Segment Open

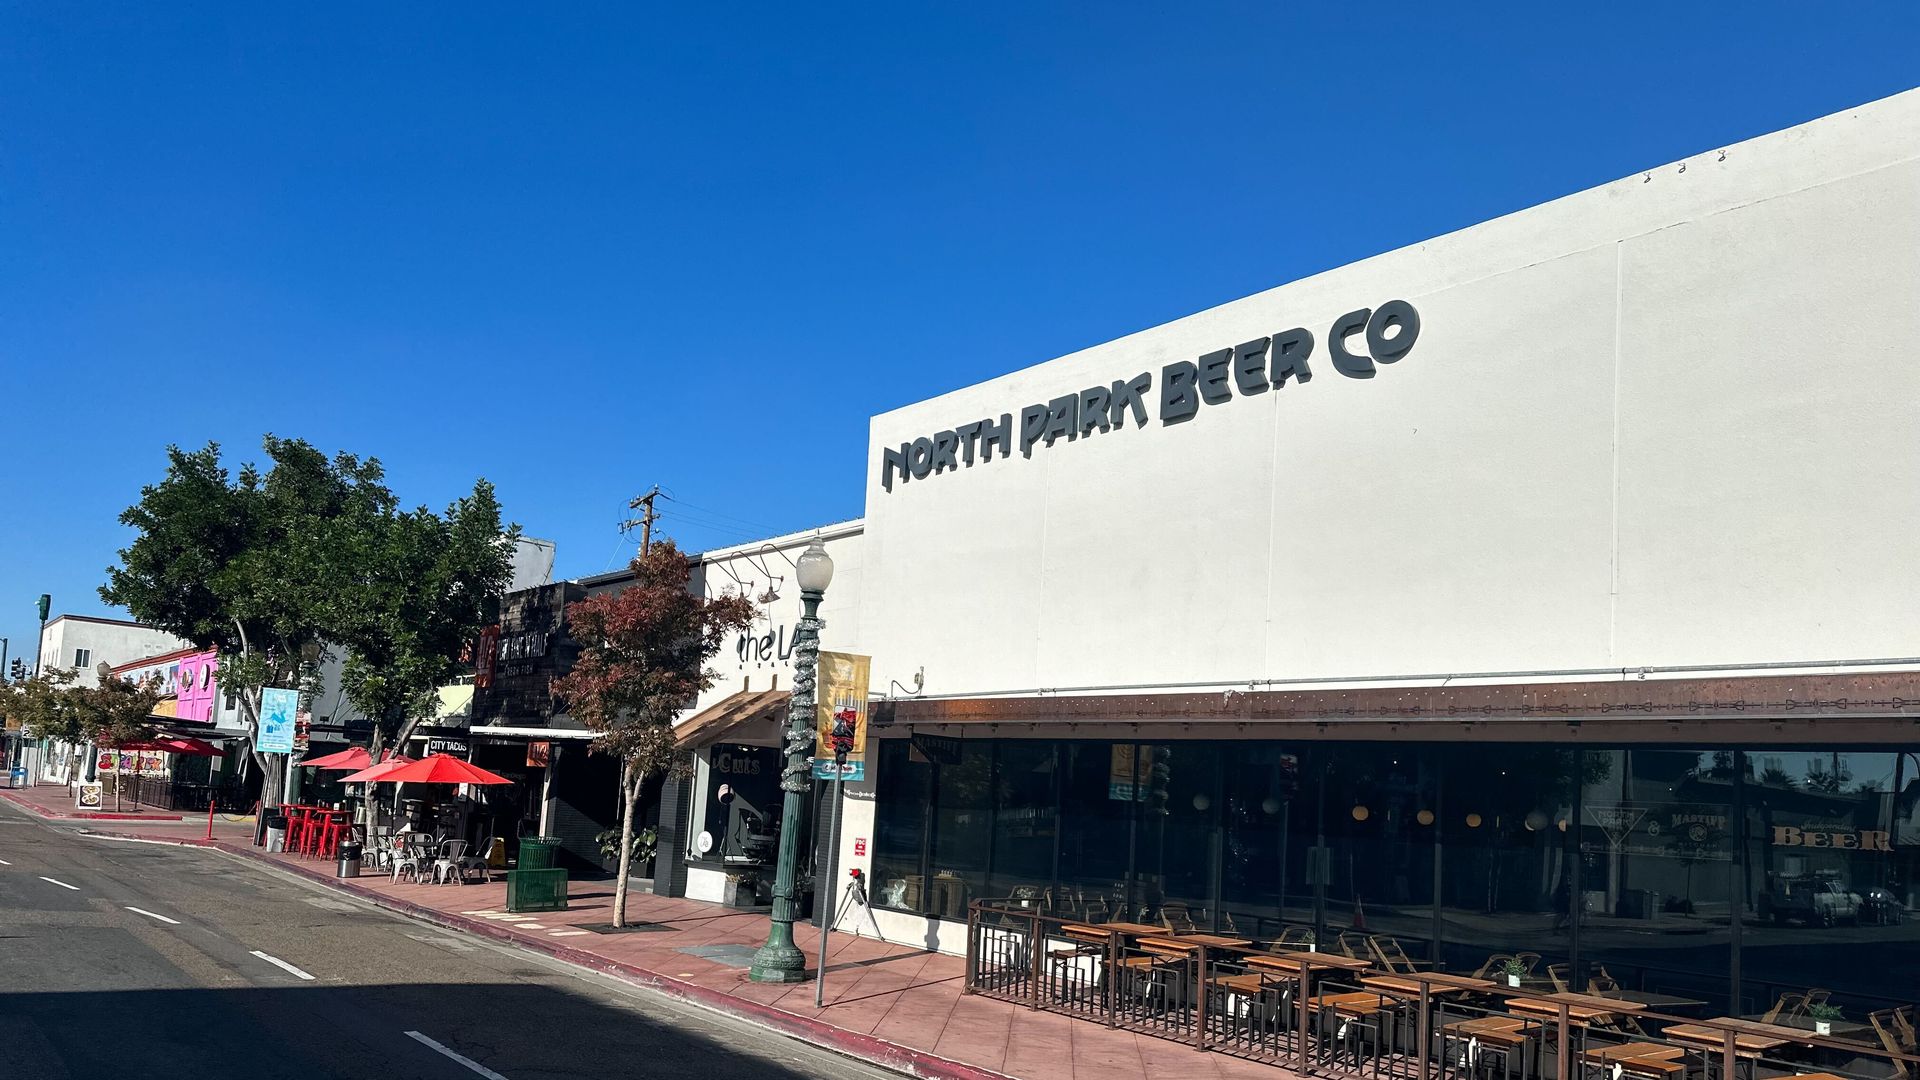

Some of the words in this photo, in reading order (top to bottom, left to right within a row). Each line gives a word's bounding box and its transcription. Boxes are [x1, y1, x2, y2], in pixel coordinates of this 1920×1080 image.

[882, 413, 1012, 493] NORTH
[1020, 371, 1151, 460] PARK
[1160, 327, 1314, 426] BEER
[1327, 299, 1420, 379] CO
[738, 627, 774, 663] the
[430, 740, 446, 750] CITY
[446, 741, 467, 752] TACOS
[719, 752, 761, 775] Cuts
[1771, 825, 1896, 851] BEER
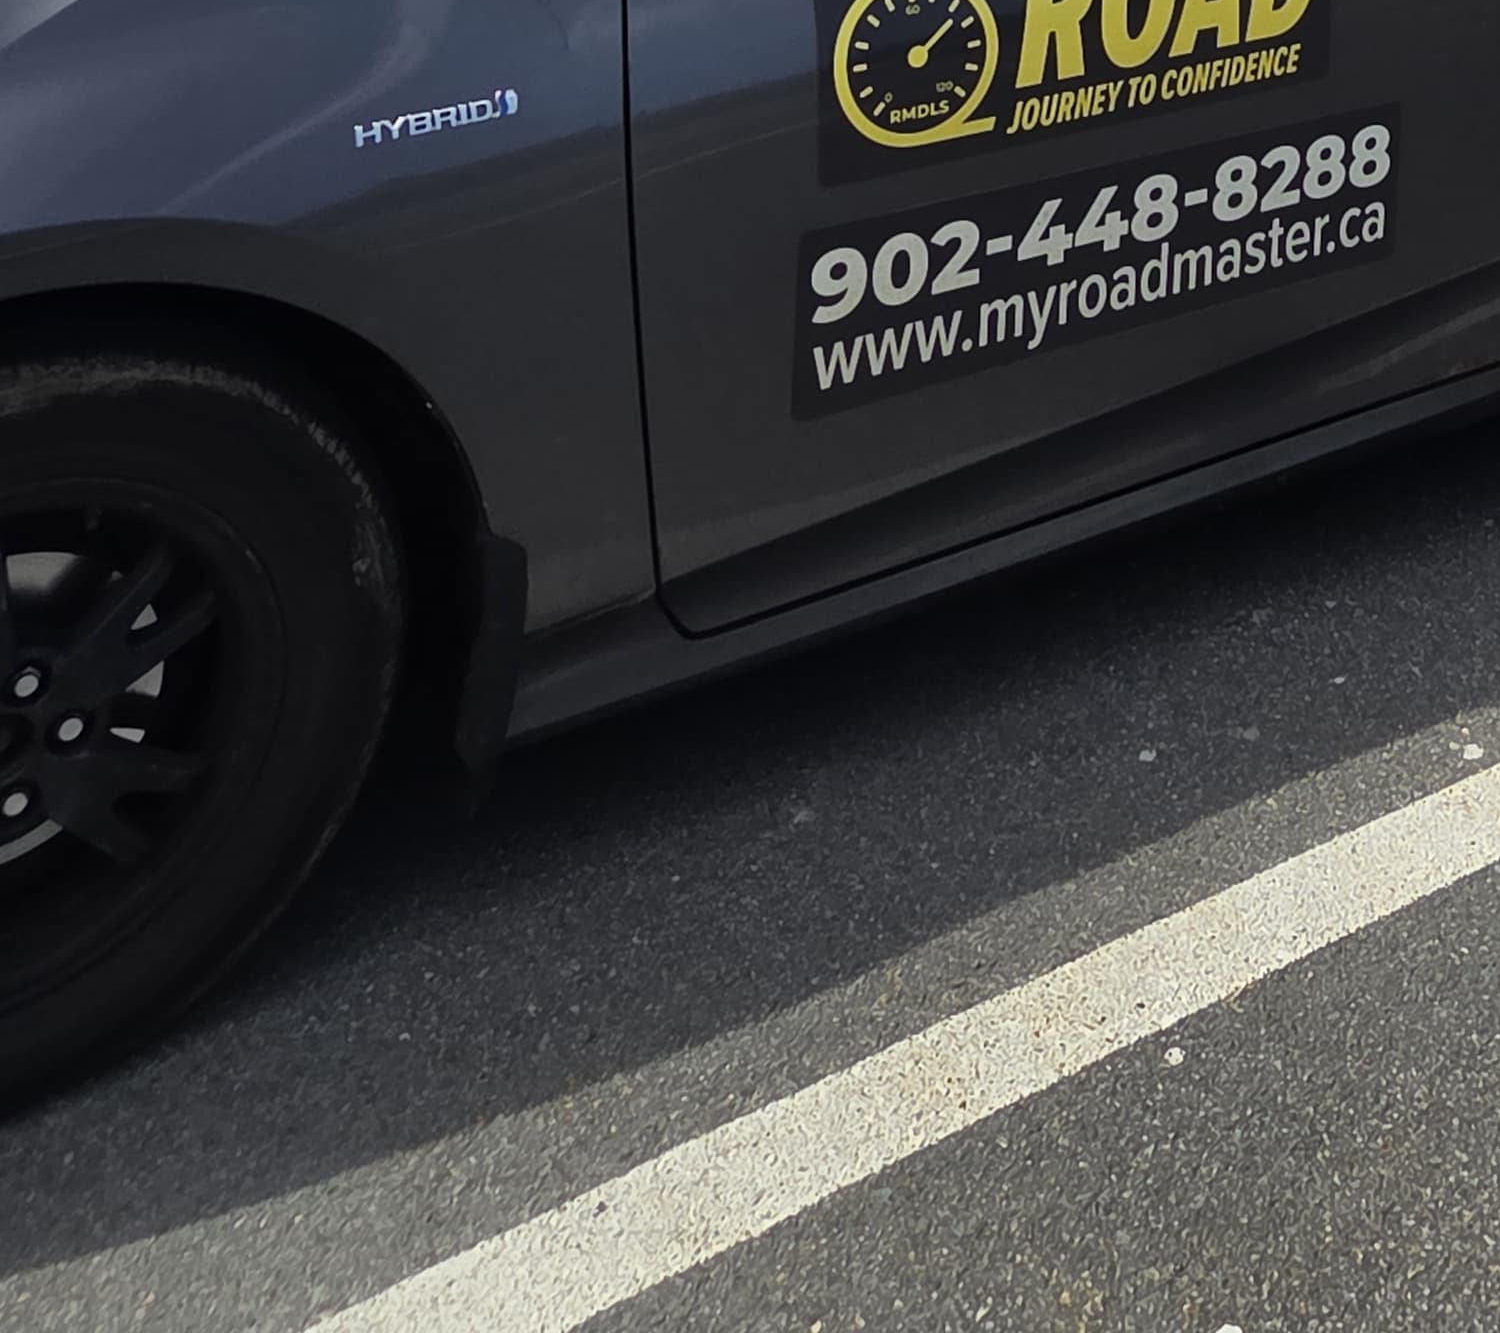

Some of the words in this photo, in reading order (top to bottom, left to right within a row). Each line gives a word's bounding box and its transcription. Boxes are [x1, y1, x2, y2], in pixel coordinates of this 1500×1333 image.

[905, 4, 921, 16] 60
[884, 92, 893, 103] 0
[889, 99, 950, 124] RMDLS
[1006, 80, 1124, 134] JOURNEY
[1127, 72, 1157, 108] TO
[1160, 43, 1302, 101] CONFIDENCE
[353, 99, 494, 148] HYBRID
[810, 124, 1393, 324] 902-448-8288
[811, 200, 1387, 392] www.myroadmaster.ca
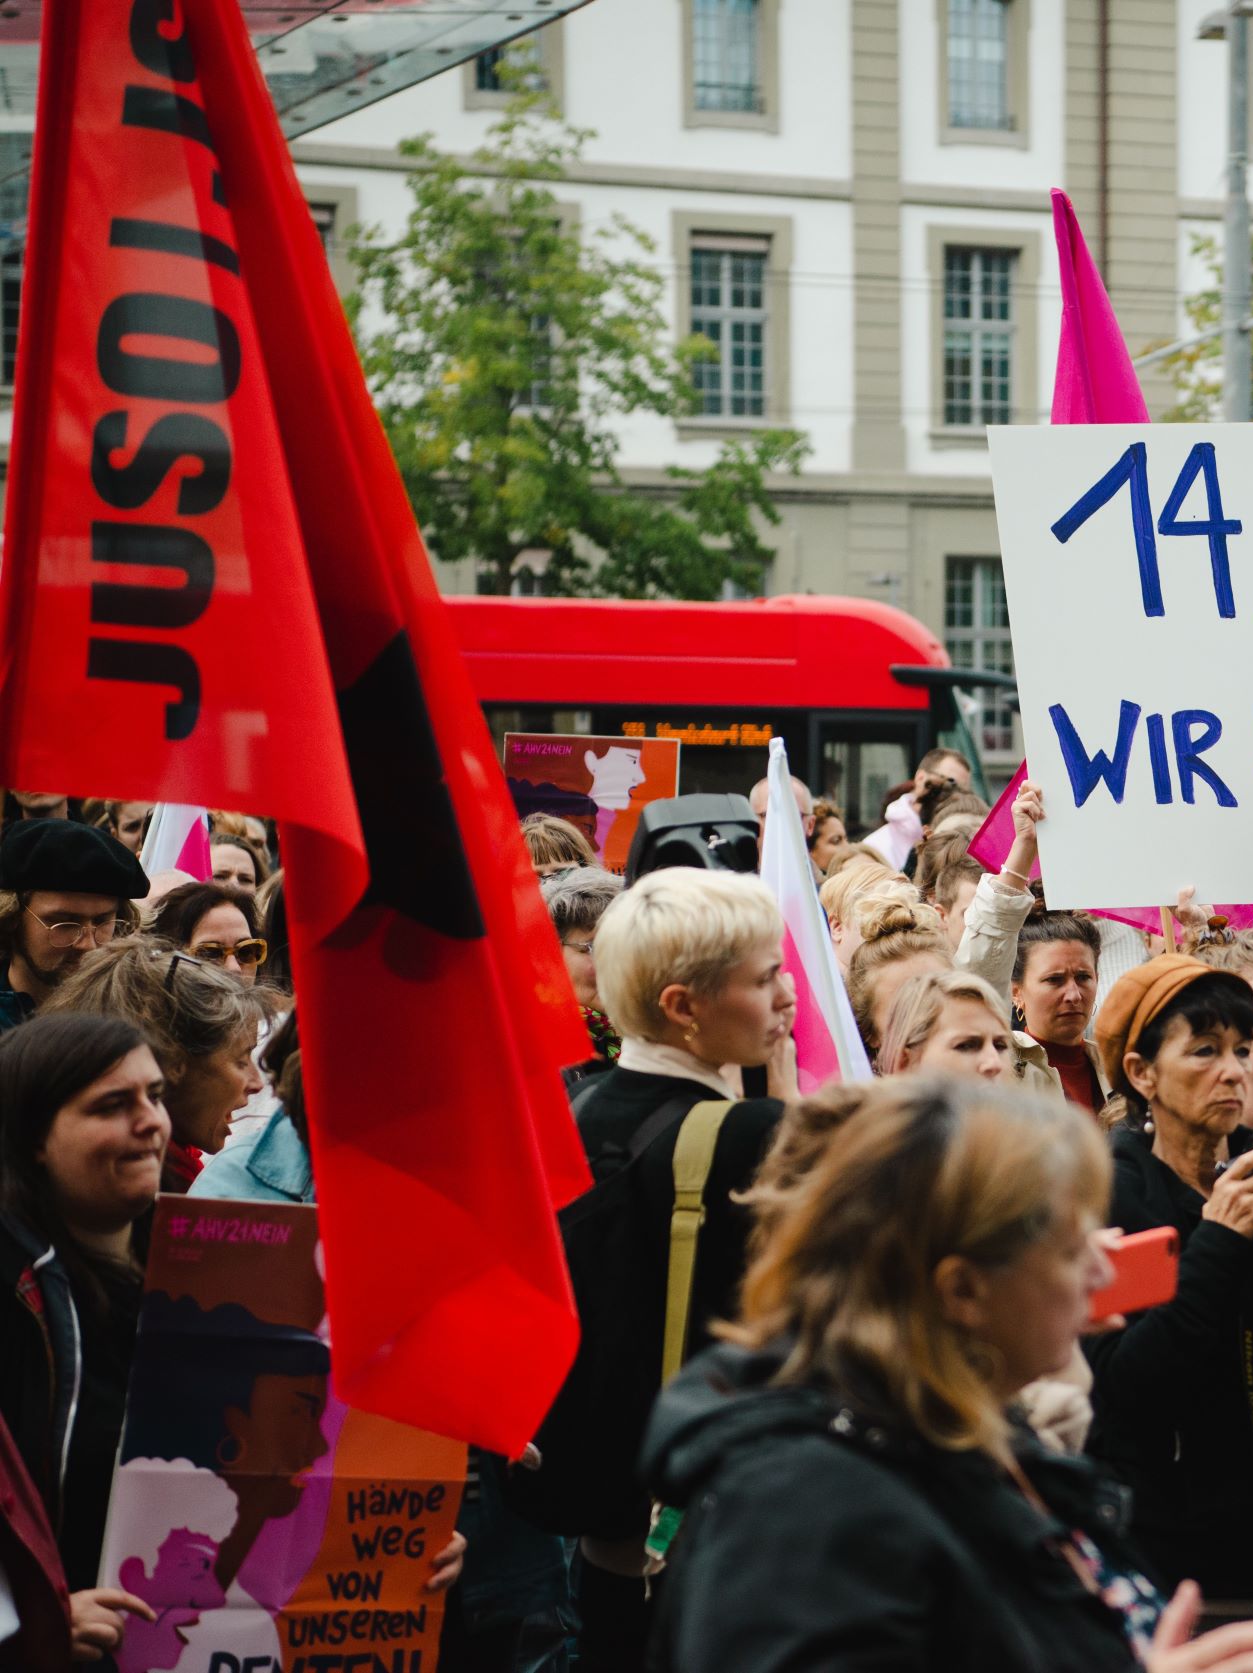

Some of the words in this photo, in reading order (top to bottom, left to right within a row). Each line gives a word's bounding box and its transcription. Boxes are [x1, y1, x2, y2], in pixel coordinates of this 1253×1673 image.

[87, 291, 241, 741] JUSO
[1048, 699, 1239, 808] WIR
[326, 1570, 383, 1602] VON

Segment Closed

### EXERCISE GOAL
Each entry, start to finish, goes into your copy exactly; the pictures stay out.

### SOLVED PROBLEM
Some of the words in this photo, in reading order (top to bottom, left to right within a row). Each line gives a word's bounding box and its transcription. Boxes are [x1, y1, x2, y2], in pixel coordinates of this 1920×1080 image.

[882, 413, 1012, 493] NORTH
[1020, 371, 1151, 460] PARK
[1160, 327, 1314, 426] BEER
[1327, 299, 1420, 379] CO
[738, 627, 774, 663] the
[430, 740, 446, 750] CITY
[446, 741, 467, 752] TACOS
[719, 752, 761, 775] Cuts
[1771, 825, 1896, 851] BEER

Some of the words in this photo, in reading order (top to bottom, left to right within a row). Each line gives a word's bounding box and its transcription. Boxes are [x1, y1, x2, y2], in pixel coordinates of this 1500×1333 image.

[905, 4, 921, 16] 60
[884, 92, 893, 103] 0
[889, 99, 950, 124] RMDLS
[1006, 80, 1124, 134] JOURNEY
[1127, 72, 1157, 108] TO
[1160, 43, 1302, 101] CONFIDENCE
[353, 99, 494, 148] HYBRID
[810, 124, 1393, 324] 902-448-8288
[811, 200, 1387, 392] www.myroadmaster.ca

Some of the words in this photo, in reading order (top to bottom, left to right within a row). Each line gives a word's bounding box and its transcription. Boxes are [x1, y1, x2, y2], in pixel coordinates of this 1253×1673 image.

[87, 291, 241, 741] JUSO
[1048, 699, 1239, 808] WIR
[326, 1570, 383, 1602] VON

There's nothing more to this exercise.